• **Data under study**
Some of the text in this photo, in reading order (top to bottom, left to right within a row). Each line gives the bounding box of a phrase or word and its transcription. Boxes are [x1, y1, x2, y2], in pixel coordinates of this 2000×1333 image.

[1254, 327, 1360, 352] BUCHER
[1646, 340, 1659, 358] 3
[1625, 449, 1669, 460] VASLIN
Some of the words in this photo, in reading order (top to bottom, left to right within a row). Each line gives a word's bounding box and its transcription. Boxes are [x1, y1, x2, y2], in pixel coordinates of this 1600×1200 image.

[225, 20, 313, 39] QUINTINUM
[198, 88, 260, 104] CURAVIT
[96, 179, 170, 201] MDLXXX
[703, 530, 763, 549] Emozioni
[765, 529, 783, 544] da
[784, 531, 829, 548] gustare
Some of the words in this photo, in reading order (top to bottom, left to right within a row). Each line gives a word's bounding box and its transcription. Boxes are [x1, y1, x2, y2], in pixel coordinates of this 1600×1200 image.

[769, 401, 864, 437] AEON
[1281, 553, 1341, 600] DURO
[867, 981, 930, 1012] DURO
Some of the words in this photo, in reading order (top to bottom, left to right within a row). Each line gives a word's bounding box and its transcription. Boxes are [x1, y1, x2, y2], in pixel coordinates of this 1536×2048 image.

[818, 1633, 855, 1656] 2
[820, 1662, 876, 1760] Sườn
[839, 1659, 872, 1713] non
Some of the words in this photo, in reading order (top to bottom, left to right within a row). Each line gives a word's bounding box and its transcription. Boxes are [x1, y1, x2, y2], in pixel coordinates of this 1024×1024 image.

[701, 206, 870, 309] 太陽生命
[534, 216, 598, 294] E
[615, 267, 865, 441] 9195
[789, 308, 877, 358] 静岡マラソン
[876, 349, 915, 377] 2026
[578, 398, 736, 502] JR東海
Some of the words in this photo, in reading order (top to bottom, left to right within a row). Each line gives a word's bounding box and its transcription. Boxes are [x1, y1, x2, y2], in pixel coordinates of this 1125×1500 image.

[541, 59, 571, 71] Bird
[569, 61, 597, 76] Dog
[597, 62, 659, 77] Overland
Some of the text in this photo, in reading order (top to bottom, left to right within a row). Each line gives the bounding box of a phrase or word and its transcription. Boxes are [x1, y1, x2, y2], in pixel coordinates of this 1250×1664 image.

• **What the task asks**
Only the lines from the one containing "this 1125×1500 image." through the last line of the records are to be set down, exactly as they appear.

• **Solution below**
Some of the words in this photo, in reading order (top to bottom, left to right within a row). Each line gives a word's bounding box and its transcription. Boxes are [x1, y1, x2, y2], in pixel coordinates of this 1125×1500 image.

[541, 59, 571, 71] Bird
[569, 61, 597, 76] Dog
[597, 62, 659, 77] Overland
Some of the text in this photo, in reading order (top to bottom, left to right within a row). Each line gives the bounding box of a phrase or word and its transcription. Boxes are [x1, y1, x2, y2], in pixel coordinates of this 1250×1664 image.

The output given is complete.